Annalisa’s dark eyes dropped to the pastry as Lu approached. “You smuggled that past Teo?”

Lu sat next to her, knotting her petticoat and shift around her legs to block bedbugs from making a meal of her. She ignored the stench of the foul bedding, the muffled screams from the surgery wing, and the occasional retching of other patients.

“He insisted you have it,” Lu said. “A generous little boy, that one.”

Annalisa picked up the pastry. Her arm’s splint reached only to her wrist, leaving her hand free. A few bruises decorated her fingers, but Lu forced herself to overlook them.

“Have they finalized the treaty yet?” Annalisa asked.

Lu bit down on her lip. The Council was weeks from approving the treaty, according to Lu’s mother. The war might have technically ended five years ago, but this would ensure it was truly, finally, over.

Lu fought the unease that had been filling her since the Argridian diplomats had landed. She didn’t want to think of them. She yanked open Botanical Wonders, the cover creaking as much as the cot. The descriptions from Grace Loray’s earliest explorers stared up at her, along with her own scribblings, and she dove into the distraction.

“Where did we leave off last time? The Digestive plant?”

Annalisa hesitated, her finger coated in the pastry’s rum glaze. Her eyes widened and her face broke out with sweat. Violent tremors clacked her teeth, and she dropped the pastry, a shaking spell rushing over her, limbs twitching so she looked as though she was trying to fly.
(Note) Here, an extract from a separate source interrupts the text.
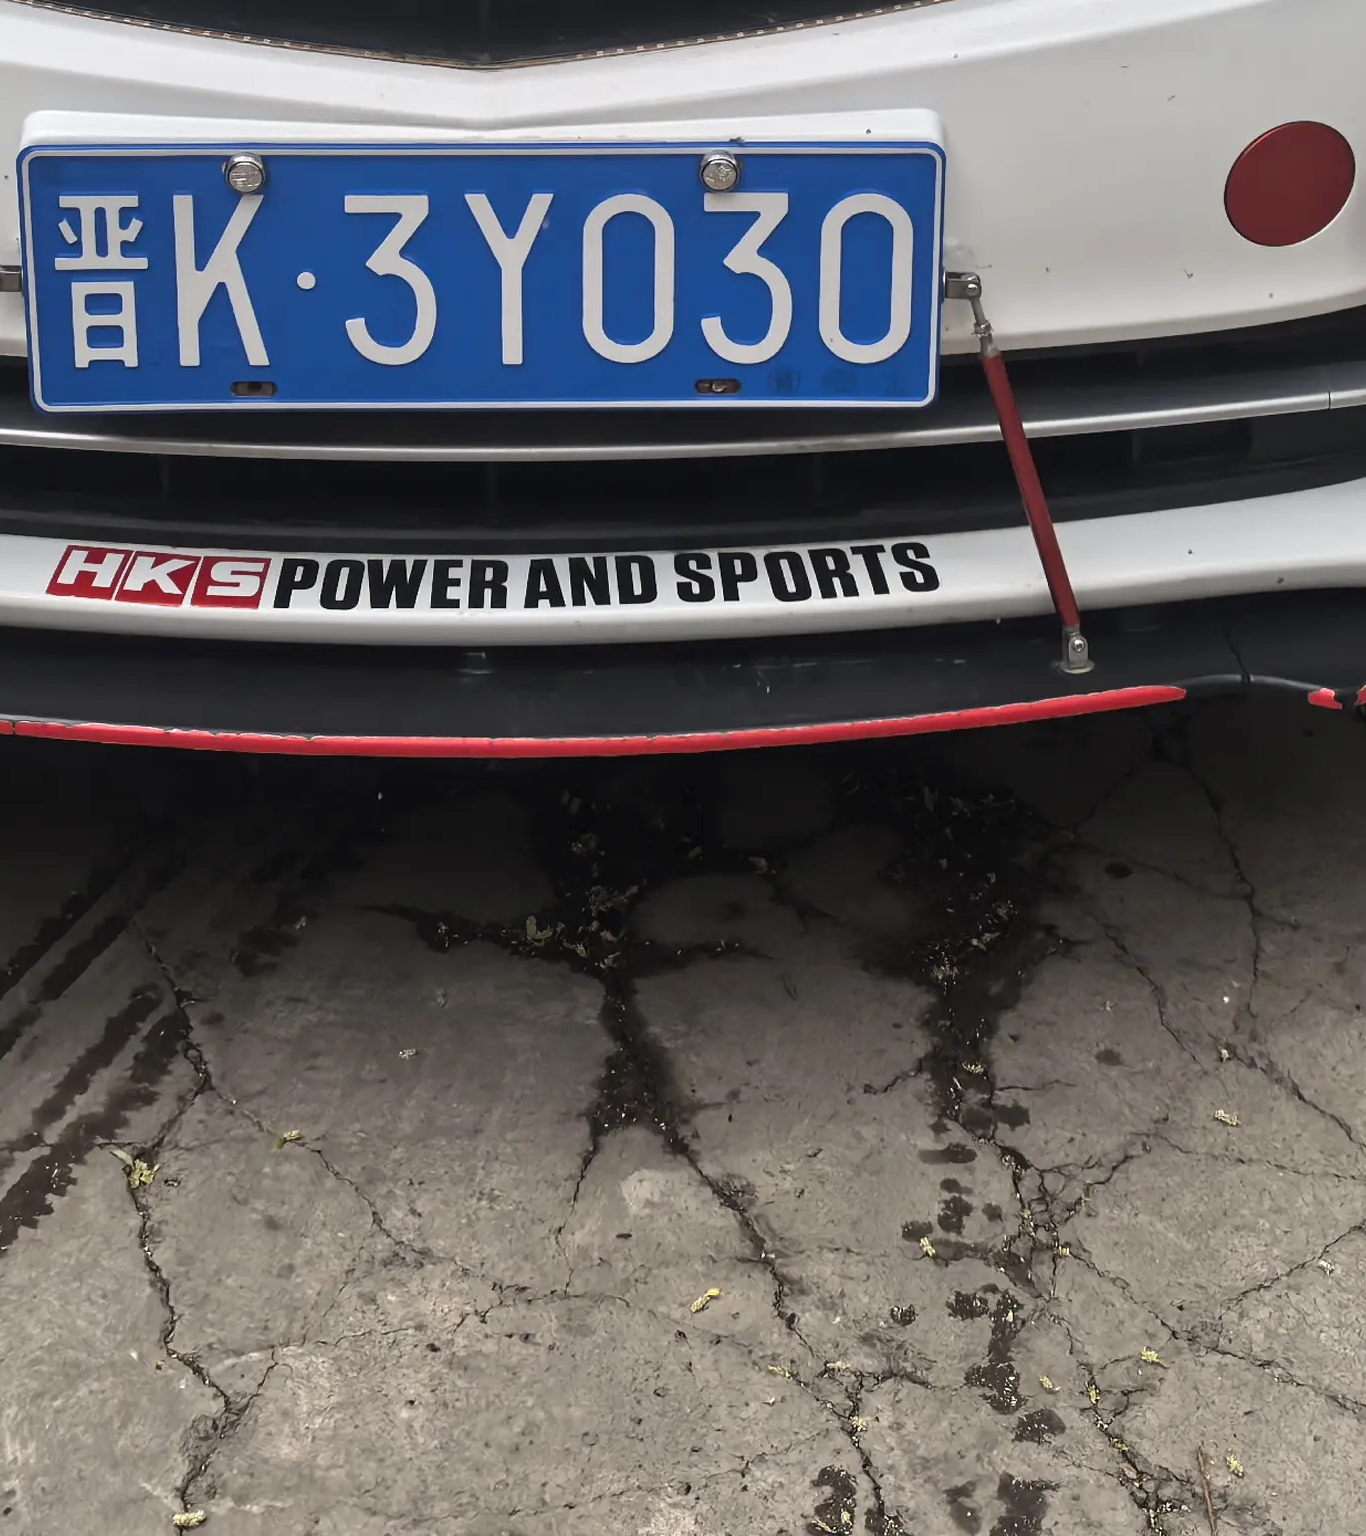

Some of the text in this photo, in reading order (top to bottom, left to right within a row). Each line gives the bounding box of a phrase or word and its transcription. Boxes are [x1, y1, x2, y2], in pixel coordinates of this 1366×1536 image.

When it passed, Annalisa pressed her forehead to Lu’s arm, tangles of black hair falling around her face. The patients in the other cots didn’t glance over, so it wasn’t shame that made Annalisa turn away. It could have been pain—though her body occasionally released tremors, her internal organs were in a constant state of convulsion. That was part of why she was covered in blankets despite the heat. She didn’t want Teo seeing the yellow and blue marks on her limbs.

“Digestive,” Lu tried again. “Purple stems with magenta leaves. Found in the peat bogs of Backswamp. Consuming one stem sates hunger for seven days. Based on that”—Lu forced a smile—“when would be the most inopportune moment to take it?”

Annalisa lifted her head. A vein in her eye had burst, streaking red around her dark iris.

“Will you never give up?” she asked. Bianca had fled from Argrid when Annalisa was ten, and painful fits let the accent Annalisa had grown up with sneak through.

I fought in the revolution to keep people like you happy, Lu thought. If I can ease this suffering of yours now, somehow, someway—no, Annalisa. I will not give up.

“Digestive.” Lu nudged her, emphasis heavy on the word.

“Fine, fine.” Annalisa let her head fall back against the wall, her dark hair sliding off her neck. “Digestive. If it sates hunger for days, then . . . then the most inopportune moment to take it would be the day before the Mild Season Festival. Think of all that food you’d be unable to eat. Roasted aubergine and pig-tail stew—and, oh, the smoked fish! It would be torment.”

“Then we’d best get some for Teo before the next festival. Remember last year? He ate fistfuls of that imported whipped sugar and vomited all over the Emerdian trader’s booth. You had to buy two dozen stone rings and a whole stack of Emerdian leather hats because he ruined them.”

Annalisa’s grin froze. “Lu,” she said.

Lu’s hands tightened around Botanical Wonders, her finger finding its way to the bullet hole in the back cover.

“You’ve done so much already. But you’ll take care of him? Teo, I mean.”